O termo complexo de Electra tem sido usado para descrever um conjunto semelhante de sentimentos vivenciados pelas jovens. Freud, no entanto, acredita que as meninas, em vez disso experimentam inveja do pênis.

Eventualmente, a criança começa a se identificar com o genitor do mesmo sexo como um meio de vicariamente possuir o outro progenitor. Para as meninas, no entanto, Freud acreditava que a inveja do pênis não foi totalmente resolvida e que todas as mulheres continuam a ser um pouco fixadas neste estágio. Psicólogos como Karen Horney contestam esta teoria, chamando-a de um tanto imprecisa e degradante para as mulheres. Em vez disso, Horney propôs que os homens experimentam sentimentos de inferioridade porque eles não podem dar a luz à filhos, um conceito à que ela se referiu como inveja do útero.

4 – O período de latência

  • Faixa etária: 6 anos – puberdade
  • Zona erógena: sentimentos sexuais são inativos

Durante o período de latência, os  interesses da libido são suprimidos. O desenvolvimento do ego e superego contribuem para este período de calma. O estágio começa na época em que as crianças entram na escola e tornam-se mais preocupadas com as relações entre colegas, hobbies e outros interesses.

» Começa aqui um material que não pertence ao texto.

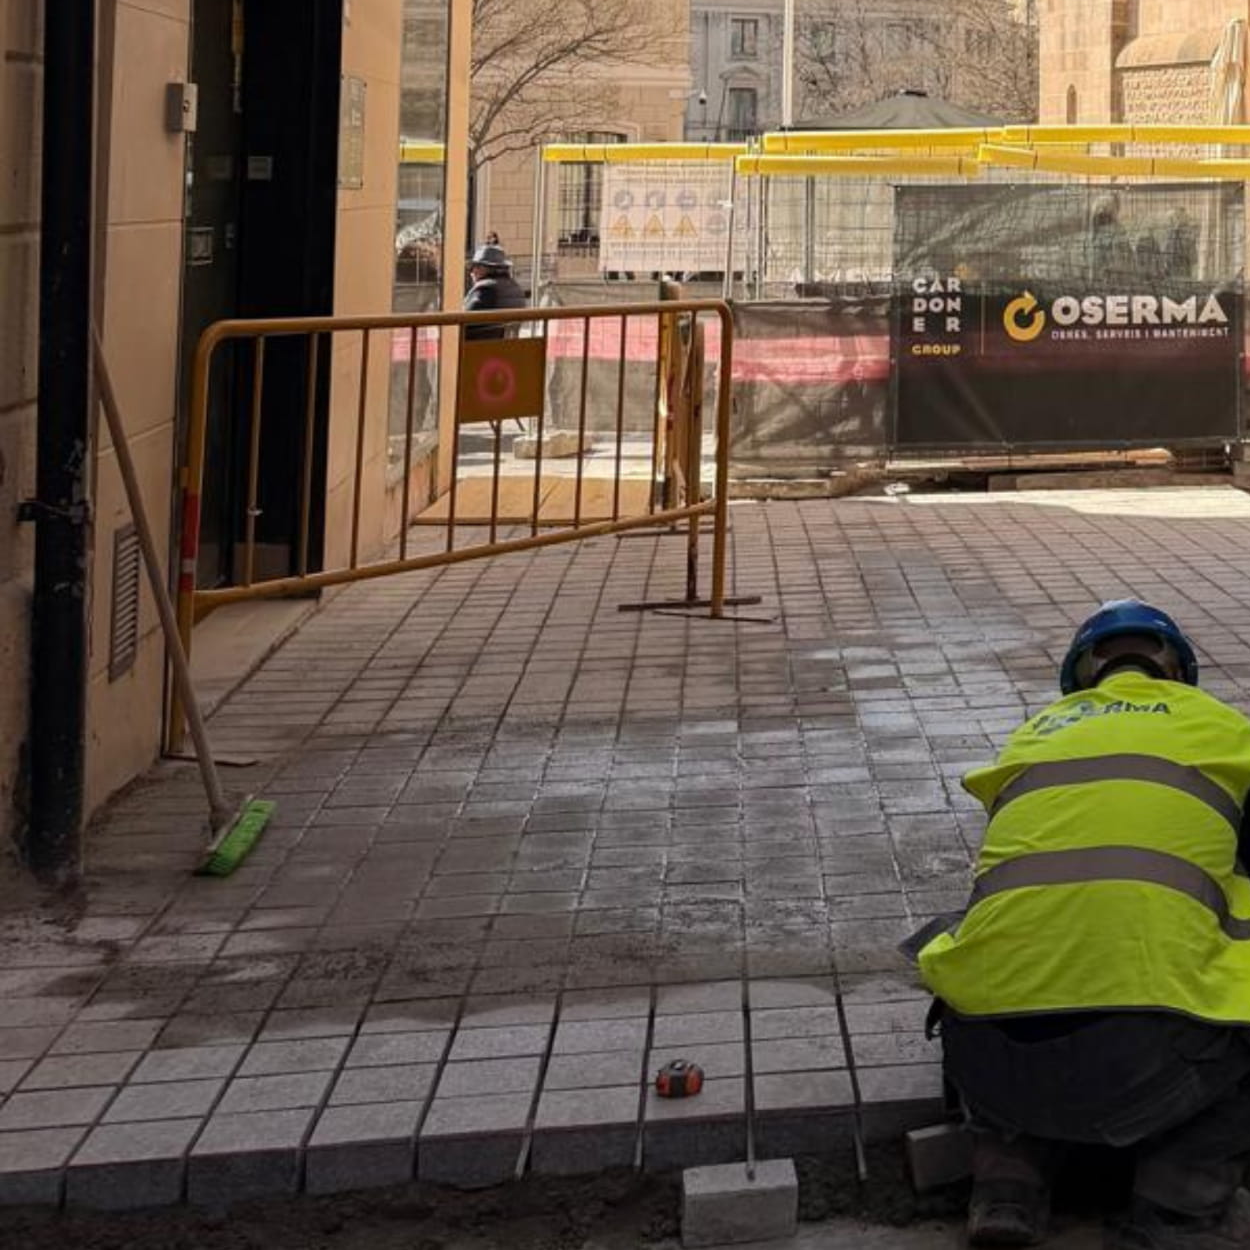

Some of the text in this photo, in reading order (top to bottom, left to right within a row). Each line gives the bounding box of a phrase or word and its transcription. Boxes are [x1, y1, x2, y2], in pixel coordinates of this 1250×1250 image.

[912, 276, 961, 293] CAR
[912, 297, 961, 313] DON
[1051, 294, 1229, 326] OSERMA
[911, 343, 961, 355] GROUP

O período de latência é um tempo de exploração em que a energia sexual ainda está presente, mas é direcionada para outras áreas, como atividades intelectuais e interações sociais. Esta etapa é importante para o desenvolvimento de habilidades sociais e de comunicação e autoconfiança.

5 – O Estágio Genital

  • Faixa etária: Puberdade à Morte
  • Zona erógena: Amadurecendo de Interesses Sexuais

Durante a fase final de desenvolvimento psicossexual, o indivíduo desenvolve um forte interesse sexual no sexo oposto. Esta fase começa durante a puberdade, mas passa por todo o resto da vida de uma pessoa.

Em fases anteriores, o foco foi exclusivamente nas necessidades individuais, porém o interesse pelo bem estar dos outros cresce durante esta fase. Se as outras etapas foram concluídas com êxito, o indivíduo deve agora ser bem equilibrado, tenro e carinhoso. O objetivo desta etapa é estabelecer um equilíbrio entre as diversas áreas da vida.

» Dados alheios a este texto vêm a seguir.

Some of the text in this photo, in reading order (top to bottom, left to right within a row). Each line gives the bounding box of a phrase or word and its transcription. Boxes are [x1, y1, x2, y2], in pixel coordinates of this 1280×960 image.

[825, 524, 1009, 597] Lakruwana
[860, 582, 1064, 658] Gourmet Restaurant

Avaliando a Teoria dos estágios de desenvolvimento psicossexual de Freud

A teoria de Freud ainda é considerada controversa hoje, mas imagine quão audaciosa parecia durante o final dos anos 1800 e início dos anos 1900. Tem havido um grande número de observações e críticas da teoria psicossexual de Freud sobre uma série de motivos, incluindo críticas científicas e feministas:

  • A teoria é focada quase exclusivamente no desenvolvimento do sexo masculino com pouca menção do desenvolvimento psicossexual feminino.
  • Suas teorias são difíceis de testar cientificamente. Conceitos como a libido são impossíveis de medir, e, portanto, não podem ser testados.
  • Previsões futuras são demasiado vagas. Como podemos saber que um comportamento atual foi causado especificamente por uma experiência de infância? O período de tempo entre a causa e o efeito é demasiado longo para assumir que existe uma relação entre as duas variáveis.
  • A teoria de Freud é baseada em estudos de caso e pesquisa não empírica. Além disso, Freud baseou sua teoria sobre as lembranças de seus pacientes adultos, não em observação real e estudo dos filhos.

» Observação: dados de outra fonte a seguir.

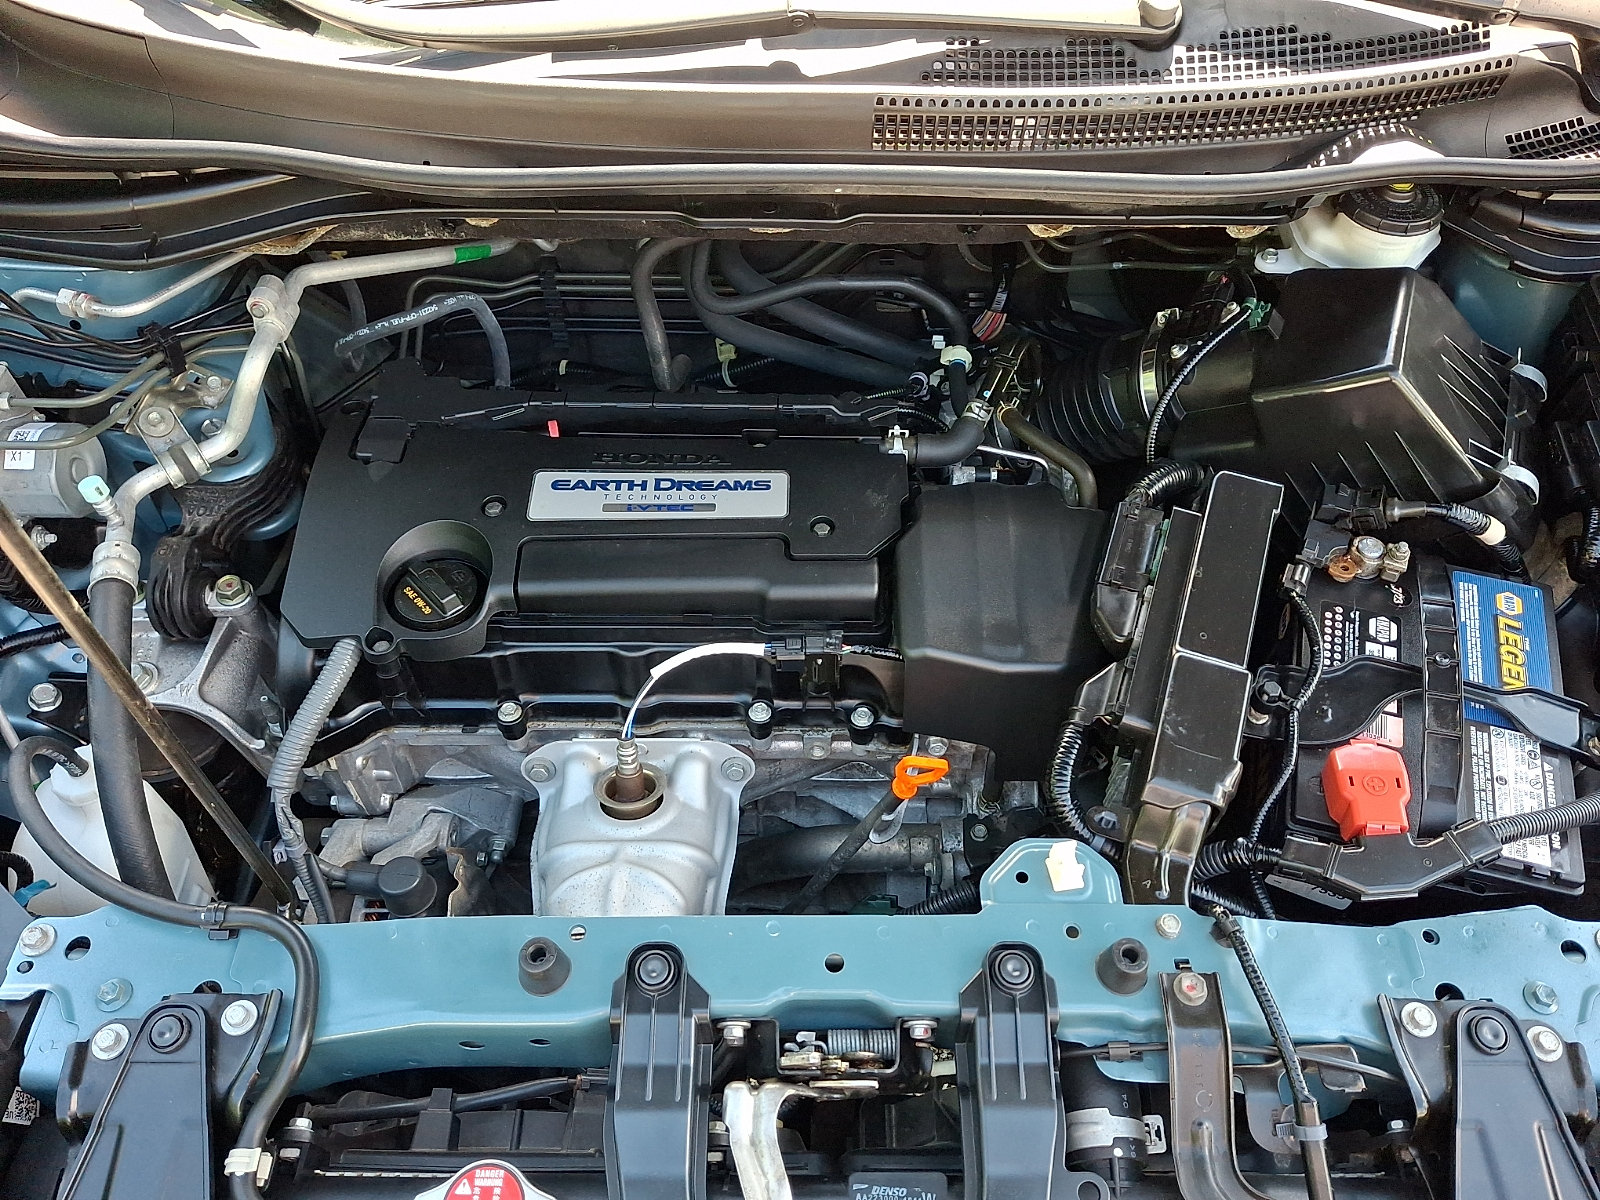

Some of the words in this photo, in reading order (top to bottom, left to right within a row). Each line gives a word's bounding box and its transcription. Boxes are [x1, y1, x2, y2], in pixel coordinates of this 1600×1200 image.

[592, 451, 732, 465] HONDA
[551, 479, 648, 491] EARTH
[653, 478, 772, 491] DREAMS
[604, 493, 718, 501] TECHNOLOGY
[626, 504, 694, 512] i-VTEC
[403, 586, 416, 600] SAE
[413, 597, 432, 615] 0W-20
[1503, 594, 1516, 613] NAPA
[1376, 617, 1391, 643] NAPA
[1497, 616, 1527, 690] LEGEN
[475, 1169, 505, 1178] DANGER
[871, 1185, 908, 1197] DENSO
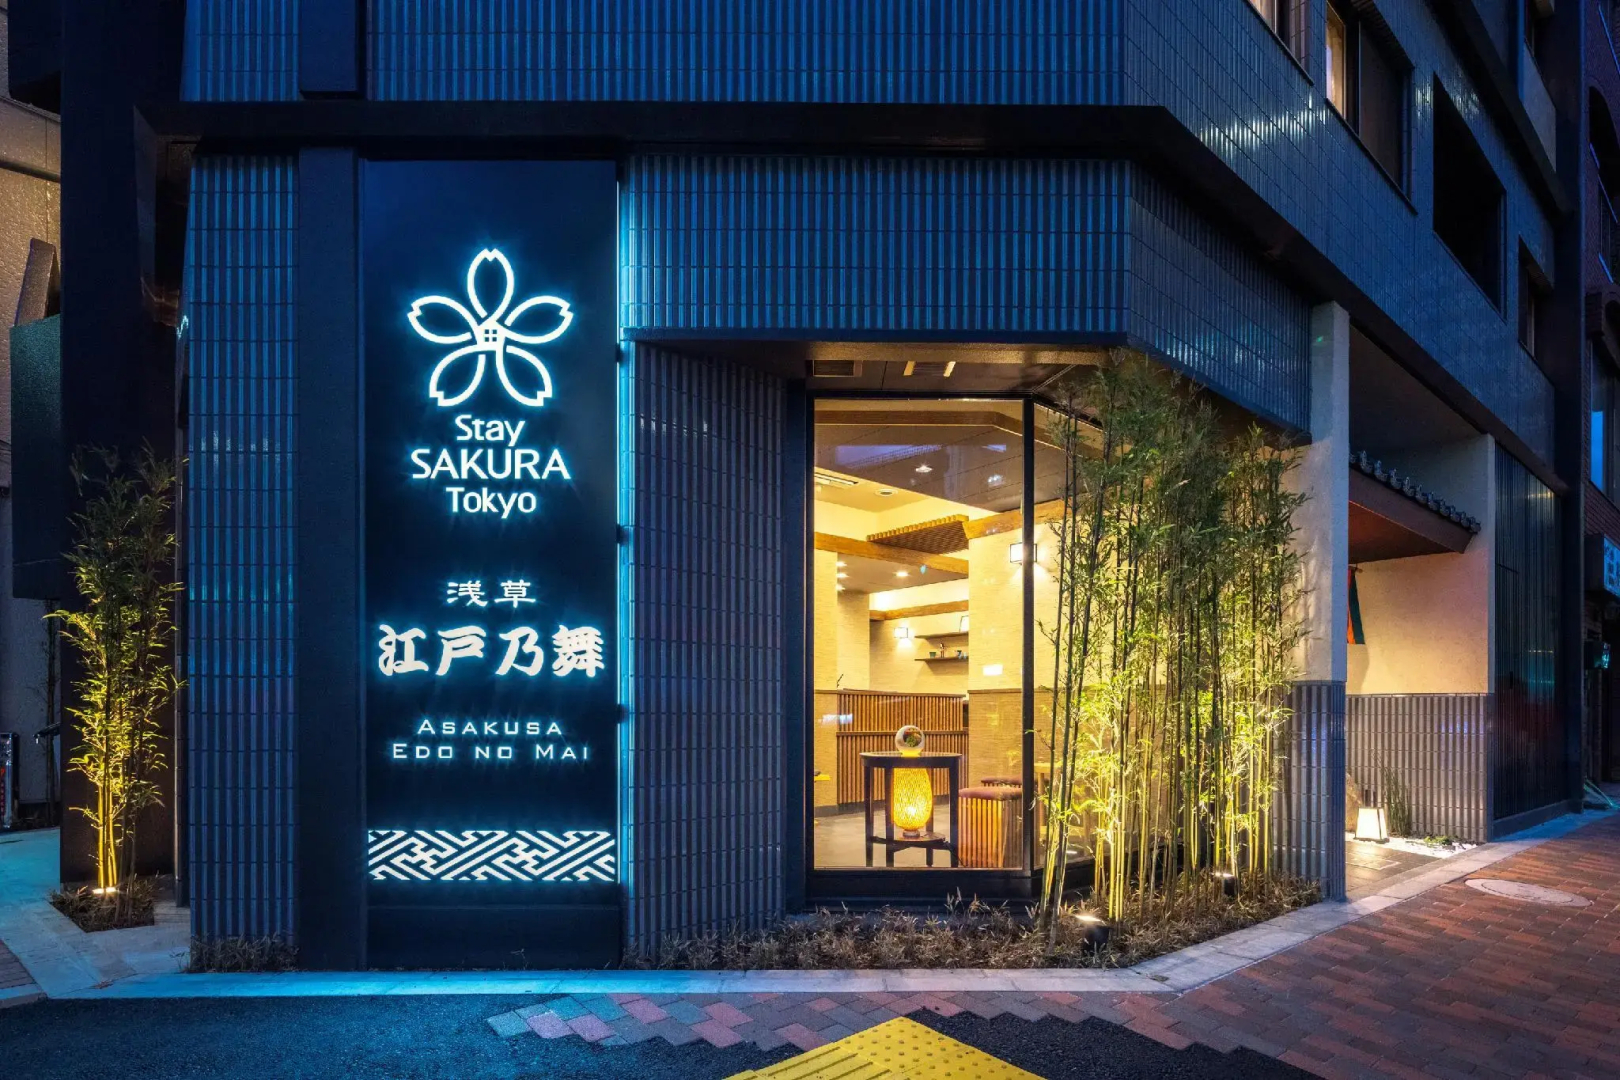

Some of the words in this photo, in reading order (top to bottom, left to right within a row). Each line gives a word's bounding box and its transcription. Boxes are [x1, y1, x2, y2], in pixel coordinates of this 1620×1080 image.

[454, 414, 526, 447] Stay
[410, 448, 572, 480] SAKURA
[445, 486, 537, 519] Tokyo
[446, 579, 537, 608] 浅草
[378, 624, 605, 678] 江戸乃舞

Revisão e resumo rápido dos estágios de desenvolvimento psicossexual de Freud

O resumo abaixo oferece uma breve visão geral desses estágios de desenvolvimento psicossexual , os níveis etários aproximados para cada etapa e o conflito primário confrontado em cada etapa.

Fase oral (nascimento até 1 ano)

Interação primária de uma criança com o mundo é através da boca. A boca é vital para comer, e a criança obtém prazer da estimulação oral por meio de atividades gratificantes, como degustar e chupar. Se esta necessidade não é satisfeita, a criança pode desenvolver uma fixação oral mais tarde na vida, cujos exemplos incluem chupar o dedo, tabagismo, roer unha e comer demais.

Fase Anal (1 a 3 anos)

Freud acreditava que o foco principal da libido estava no controle da bexiga e evacuações. O aprendizado do uso do banheiro é uma questão primordial com as crianças e os pais. Demasiada pressão pode resultar em uma necessidade excessiva para a ordem ou a limpeza mais tarde na vida, enquanto que muito pouca pressão dos pais pode levar a um comportamento confuso ou destrutivo mais tarde.

Fase fálica (3 a 6 anos)

Freud sugeriu que o foco principal da energia do id é sobre os órgãos genitais. De acordo com Freud, a experiência do menino é uma experiência de Complexo de Édipo e da menina é Complexo de Electra, ou uma atração para o pai do sexo oposto. Para lidar com este conflito, as crianças adotam os valores e as características do pai do mesmo sexo, formando assim o superego.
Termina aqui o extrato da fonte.